To use this function, follow the example below:

import pandas as pd
from sklearn.datasets import fetch_20newsgroups

# Load dataset
newsgroups_data = fetch_20newsgroups(subset='all')
df = pd.DataFrame({'text': newsgroups_data.data, 'label': newsgroups_data.target})
classes = np.unique(df['label'].values)

# Split dataset
train_data, validation_data = stratified_train_test_split(df, classes, train_size=0.8)

Parameters

  • dataset (Union[pd.DataFrame, datasets.Dataset]): The input dataset.
  • classes (np.ndarray): The array of unique class labels present in the dataset.
  • train_size (Union[float, int]): The proportion of the dataset to include in the training split.
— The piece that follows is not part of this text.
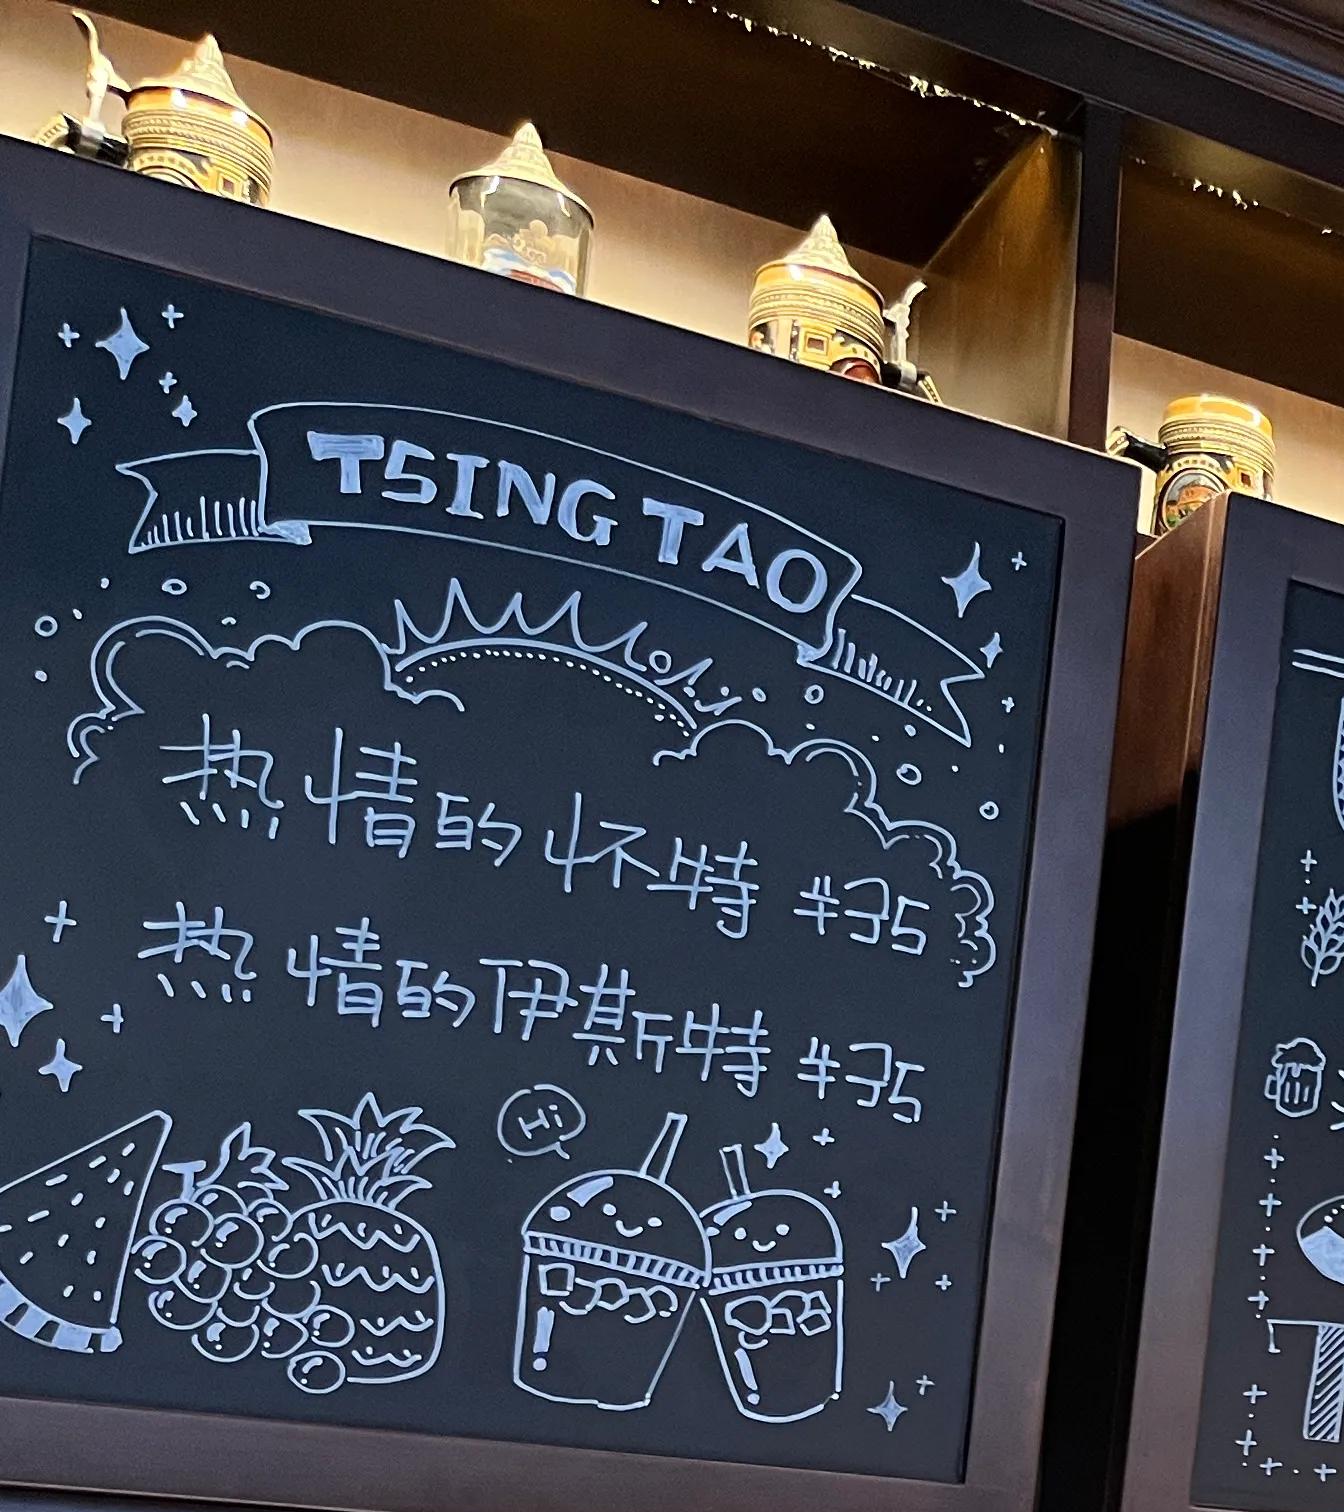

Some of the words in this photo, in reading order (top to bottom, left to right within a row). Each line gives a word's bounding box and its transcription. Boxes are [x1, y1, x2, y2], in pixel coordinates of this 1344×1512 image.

[160, 712, 760, 939] 热情的怀特
[137, 901, 774, 1098] 热情的伊斯特
[517, 1094, 564, 1141] Hi
Should be a float in the range (0, 1) if expressed as a fraction, or an integer if expressed as a number of samples.

Returns

A tuple containing two dictionaries representing the training and validation data splits:

  • Each dictionary contains two keys: 'label' and 'text'.
  • The 'label' key corresponds to a list of class labels.
  • The 'text' key corresponds to a list of text samples.

Notes

  • Ensure that the dataset contains columns named 'label' and 'text' representing the class labels and text samples, respectively.
  • The 'label' column should contain categorical class labels.
  • The 'text' column should contain textual data.
  • If the dataset is a pandas DataFrame, it should be in the format where each row represents a sample, and each column represents a feature.
import numpy as np
from datasets import Dataset
import pandas as pd

train_data, validation_data = stratified_train_test_split(df, classes, train_size=0.8)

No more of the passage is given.